What is required: Exactly as they stand, give the records below again, with no images.

Exercise material:
---

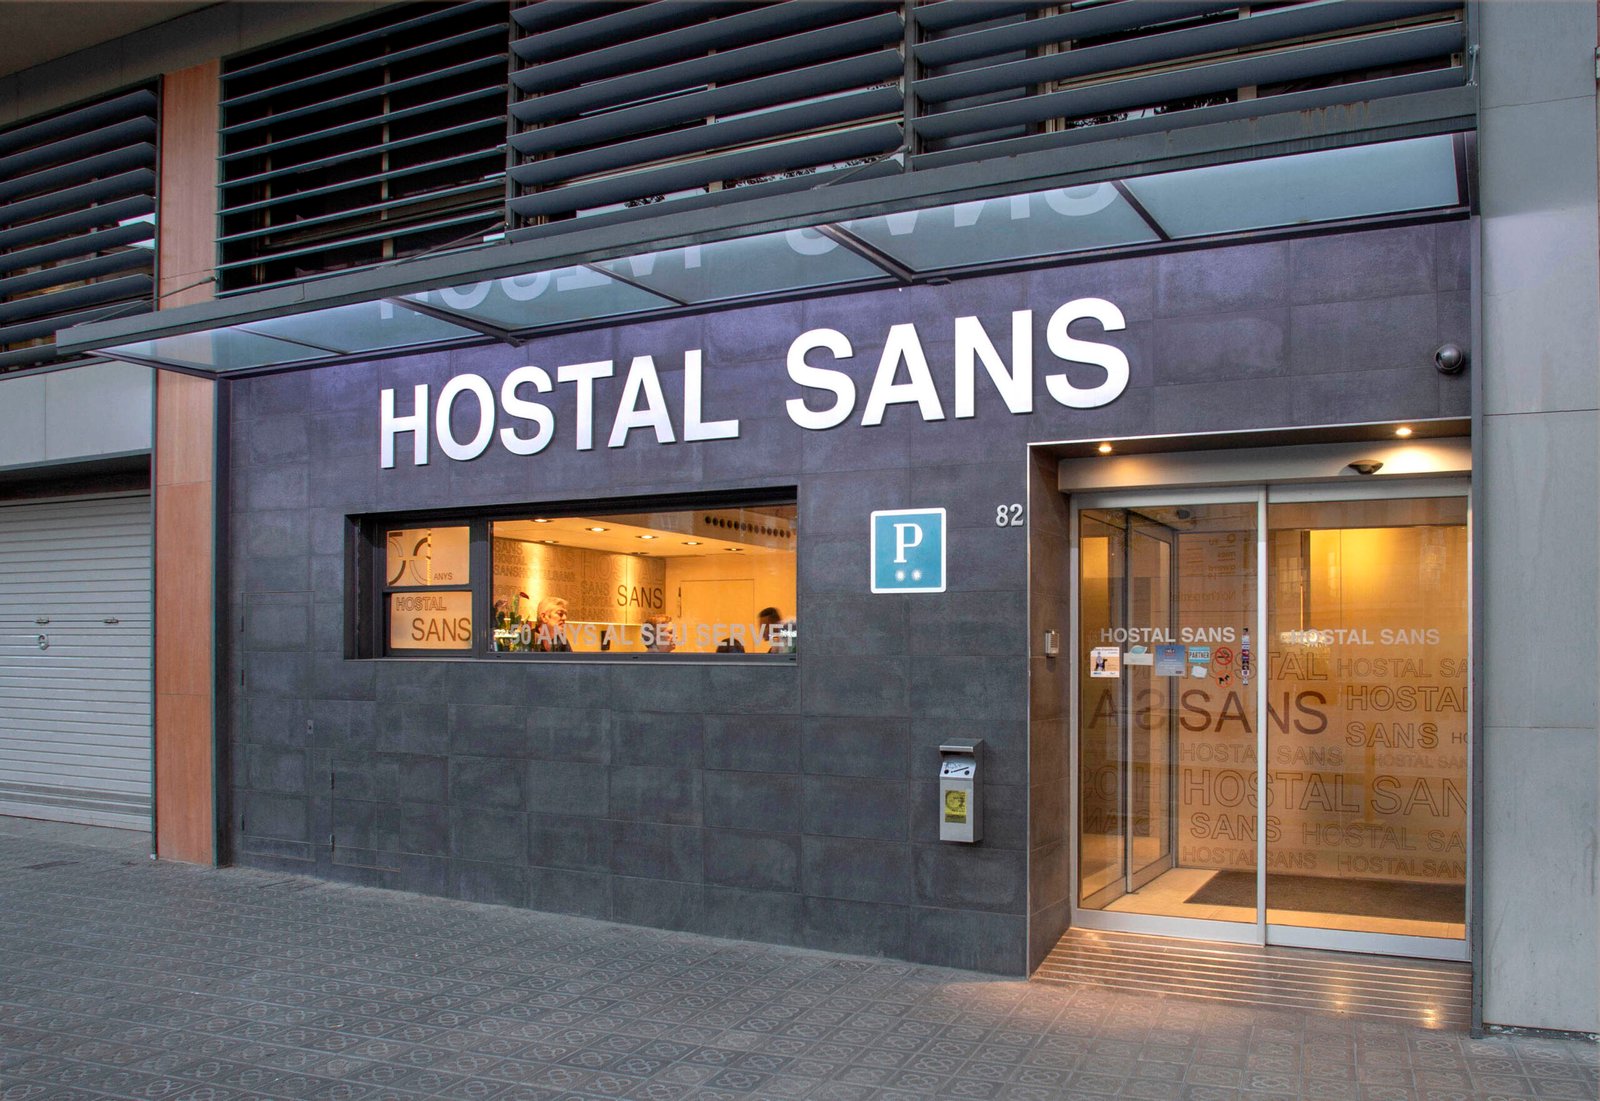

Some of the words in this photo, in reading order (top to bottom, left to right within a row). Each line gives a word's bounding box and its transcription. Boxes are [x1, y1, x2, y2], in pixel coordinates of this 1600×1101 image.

[380, 349, 740, 469] HOSTAL
[785, 297, 1130, 430] SANS
[995, 503, 1024, 527] 82
[893, 523, 923, 564] P
[433, 572, 453, 581] ANYS
[396, 596, 447, 611] HOSTAL
[616, 585, 663, 609] SANS
[411, 617, 472, 642] SANS
[510, 624, 531, 645] 50
[537, 624, 597, 645] ANYS
[603, 624, 633, 645] AL
[640, 624, 687, 646] SEU
[696, 623, 793, 647] SERVEI
[1100, 627, 1176, 643] HOSTAL
[1181, 627, 1236, 643] SANS
[1291, 628, 1374, 645] HOSTAL
[1380, 628, 1440, 645] SANS
[1337, 657, 1432, 678] HOSTAL
[1346, 685, 1468, 712] HOSTA
[1180, 688, 1328, 735] SANS
[1345, 721, 1439, 749] SANS
[1276, 745, 1343, 767] SANS
[1184, 768, 1360, 813] HOSTAL
[1190, 812, 1282, 843] SANS
[1302, 822, 1417, 850] HOSTAL
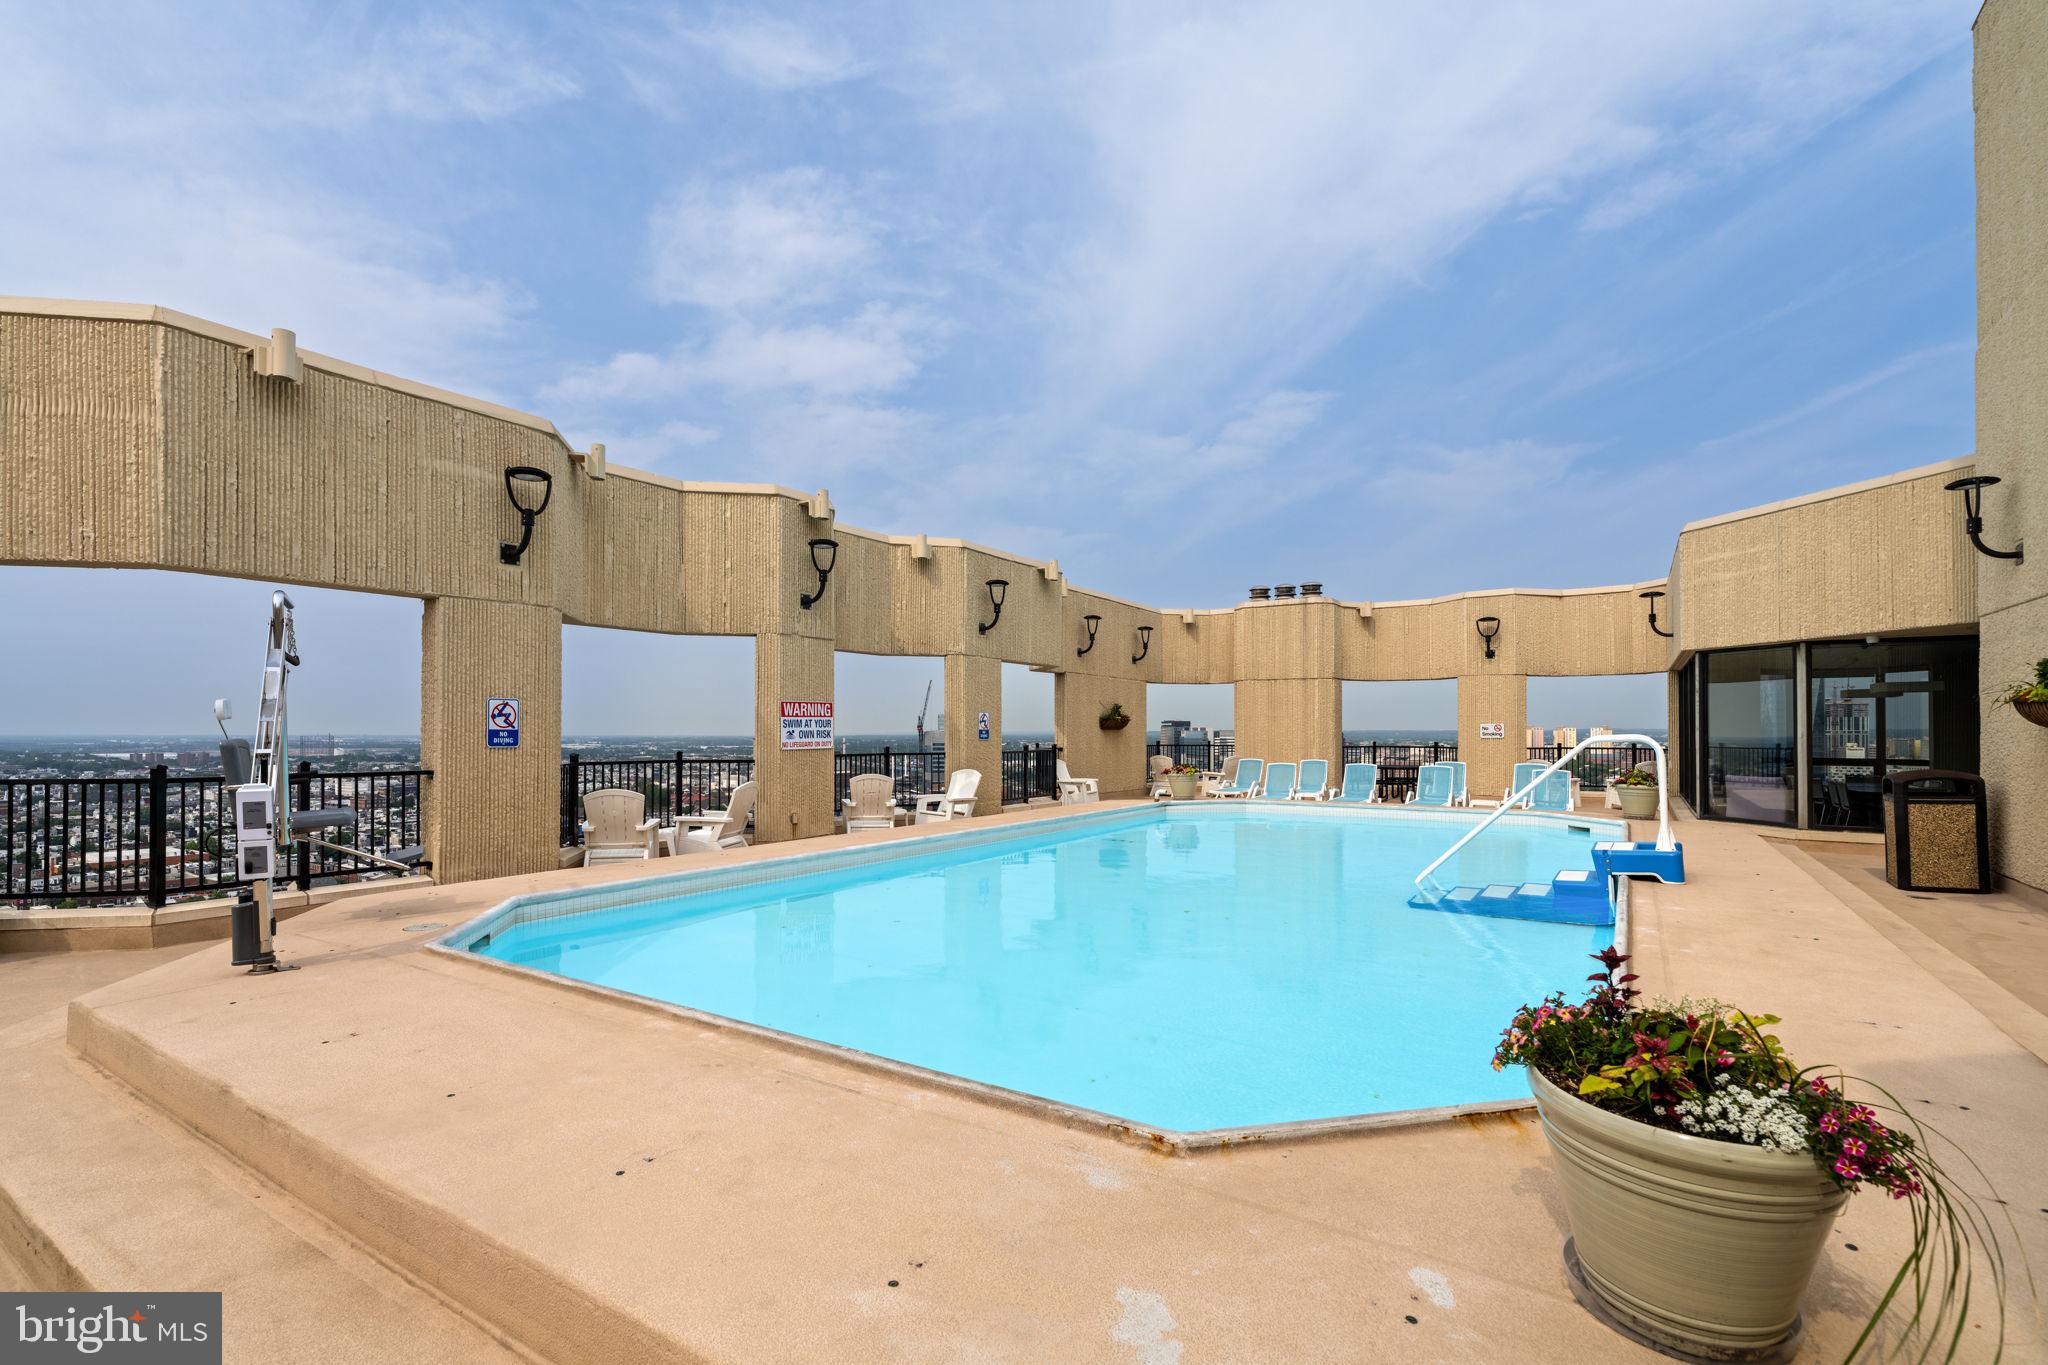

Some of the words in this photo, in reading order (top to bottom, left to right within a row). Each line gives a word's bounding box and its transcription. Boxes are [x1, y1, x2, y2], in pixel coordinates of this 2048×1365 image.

[783, 702, 831, 716] WARNING
[782, 718, 803, 728] SWIM
[804, 719, 813, 728] AT
[814, 719, 832, 728] YOUR
[798, 730, 815, 739] OWN
[816, 730, 832, 739] RISK
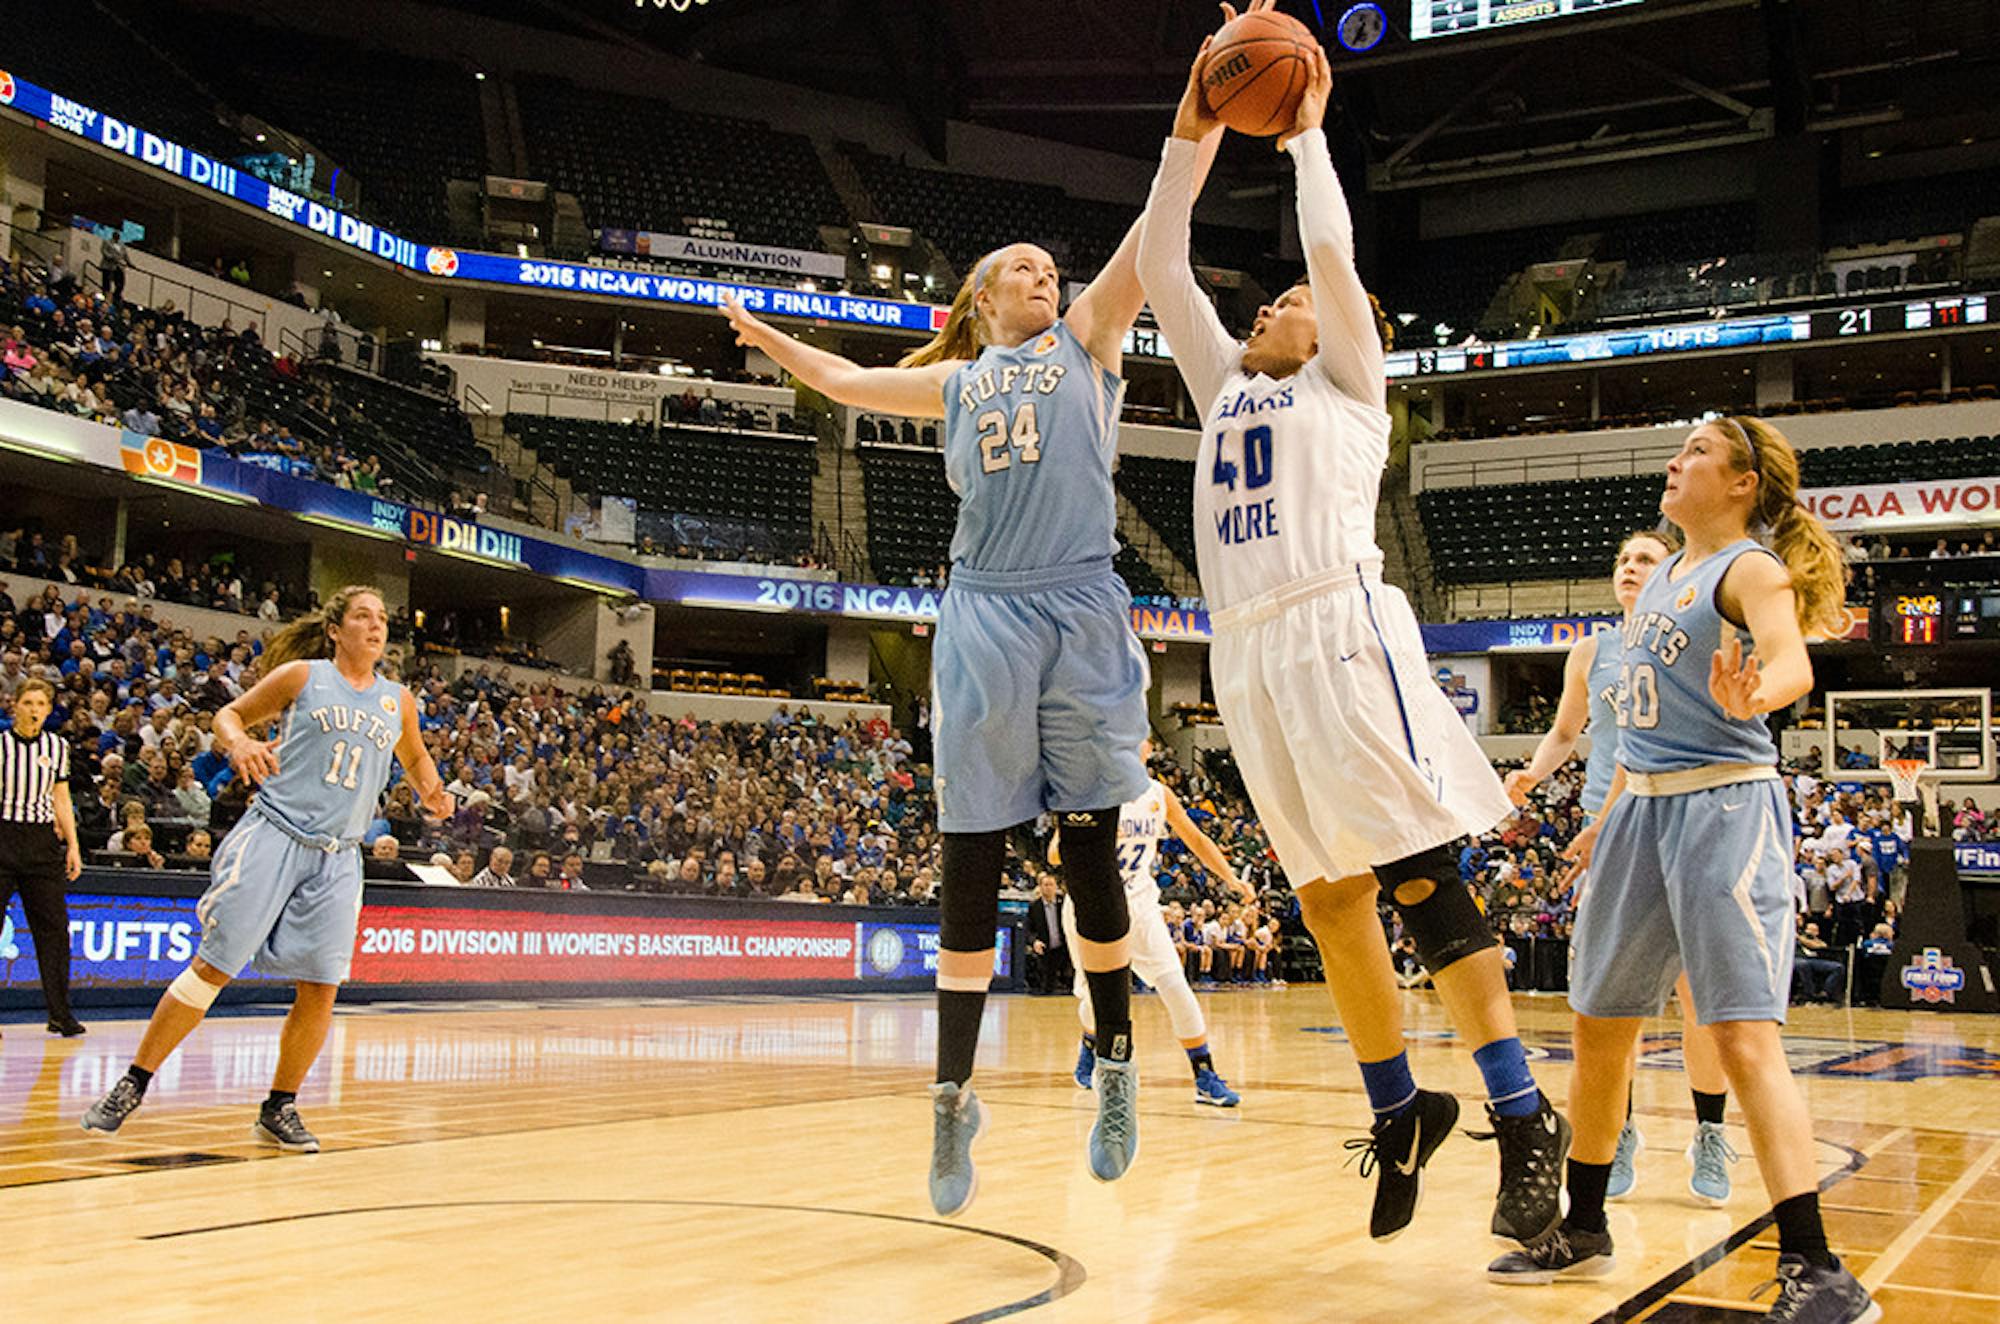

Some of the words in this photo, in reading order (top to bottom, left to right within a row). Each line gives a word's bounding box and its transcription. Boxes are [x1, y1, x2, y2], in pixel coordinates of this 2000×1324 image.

[1495, 4, 1556, 22] ASSISTS
[49, 111, 84, 136] 2016
[50, 93, 98, 127] INDY
[102, 115, 137, 156] DI
[142, 132, 183, 176] DII
[189, 152, 237, 197] DIII
[308, 201, 337, 237] DI
[340, 215, 374, 251] DII
[378, 230, 418, 269] DIII
[519, 262, 576, 288] 2016
[580, 269, 650, 296] NCAA
[773, 293, 838, 318] FINAL
[840, 301, 901, 324] FOUR
[1838, 308, 1872, 334] 21
[1938, 307, 1960, 324] 11
[1136, 338, 1155, 356] 14
[1650, 326, 1720, 350] TUFTS
[1420, 355, 1434, 374] 3
[1473, 353, 1485, 369] 4
[567, 373, 608, 388] NEED
[611, 377, 657, 392] HELP?
[960, 363, 1068, 415] TUFTS
[977, 401, 1041, 475] 24
[1212, 424, 1273, 491] 40
[371, 500, 407, 521] INDY
[372, 517, 402, 532] 2016
[1214, 498, 1279, 545] MORE
[410, 511, 437, 545] DI
[441, 518, 477, 554] DII
[480, 528, 522, 562] DIII
[756, 580, 835, 611] 2016
[843, 587, 939, 616] NCAA
[1130, 609, 1205, 636] INAL
[1509, 624, 1547, 637] INDY
[309, 704, 393, 752] TUFTS
[321, 738, 364, 791] 11
[68, 920, 194, 962] TUFTS
[361, 927, 415, 954] 2016
[421, 928, 518, 955] DIVISION
[522, 932, 542, 955] III
[546, 933, 635, 956] WOMEN'S
[638, 934, 743, 957] BASKETBALL
[745, 935, 852, 959] CHAMPIONSHIP

---

Solution for this exercise:
Some of the words in this photo, in reading order (top to bottom, left to right within a row). Each line gives a word's bounding box and its transcription. Boxes are [x1, y1, x2, y2], in pixel coordinates of this 1600×1101 image.

[380, 349, 740, 469] HOSTAL
[785, 297, 1130, 430] SANS
[995, 503, 1024, 527] 82
[893, 523, 923, 564] P
[433, 572, 453, 581] ANYS
[396, 596, 447, 611] HOSTAL
[616, 585, 663, 609] SANS
[411, 617, 472, 642] SANS
[510, 624, 531, 645] 50
[537, 624, 597, 645] ANYS
[603, 624, 633, 645] AL
[640, 624, 687, 646] SEU
[696, 623, 793, 647] SERVEI
[1100, 627, 1176, 643] HOSTAL
[1181, 627, 1236, 643] SANS
[1291, 628, 1374, 645] HOSTAL
[1380, 628, 1440, 645] SANS
[1337, 657, 1432, 678] HOSTAL
[1346, 685, 1468, 712] HOSTA
[1180, 688, 1328, 735] SANS
[1345, 721, 1439, 749] SANS
[1276, 745, 1343, 767] SANS
[1184, 768, 1360, 813] HOSTAL
[1190, 812, 1282, 843] SANS
[1302, 822, 1417, 850] HOSTAL

Some of the words in this photo, in reading order (top to bottom, left to right within a row). Each line gives a word's bounding box and its transcription. Boxes are [x1, y1, x2, y2], in pixel coordinates of this 2048×1365 image.

[783, 702, 831, 716] WARNING
[782, 718, 803, 728] SWIM
[804, 719, 813, 728] AT
[814, 719, 832, 728] YOUR
[798, 730, 815, 739] OWN
[816, 730, 832, 739] RISK

Some of the words in this photo, in reading order (top to bottom, left to right within a row). Each line gives a word's bounding box and its transcription. Boxes are [x1, y1, x2, y2], in pixel coordinates of this 2000×1324 image.

[1495, 4, 1556, 22] ASSISTS
[49, 111, 84, 136] 2016
[50, 93, 98, 127] INDY
[102, 115, 137, 156] DI
[142, 132, 183, 176] DII
[189, 152, 237, 197] DIII
[308, 201, 337, 237] DI
[340, 215, 374, 251] DII
[378, 230, 418, 269] DIII
[519, 262, 576, 288] 2016
[580, 269, 650, 296] NCAA
[773, 293, 838, 318] FINAL
[840, 301, 901, 324] FOUR
[1838, 308, 1872, 334] 21
[1938, 307, 1960, 324] 11
[1136, 338, 1155, 356] 14
[1650, 326, 1720, 350] TUFTS
[1420, 355, 1434, 374] 3
[1473, 353, 1485, 369] 4
[567, 373, 608, 388] NEED
[611, 377, 657, 392] HELP?
[960, 363, 1068, 415] TUFTS
[977, 401, 1041, 475] 24
[1212, 424, 1273, 491] 40
[371, 500, 407, 521] INDY
[372, 517, 402, 532] 2016
[1214, 498, 1279, 545] MORE
[410, 511, 437, 545] DI
[441, 518, 477, 554] DII
[480, 528, 522, 562] DIII
[756, 580, 835, 611] 2016
[843, 587, 939, 616] NCAA
[1130, 609, 1205, 636] INAL
[1509, 624, 1547, 637] INDY
[309, 704, 393, 752] TUFTS
[321, 738, 364, 791] 11
[68, 920, 194, 962] TUFTS
[361, 927, 415, 954] 2016
[421, 928, 518, 955] DIVISION
[522, 932, 542, 955] III
[546, 933, 635, 956] WOMEN'S
[638, 934, 743, 957] BASKETBALL
[745, 935, 852, 959] CHAMPIONSHIP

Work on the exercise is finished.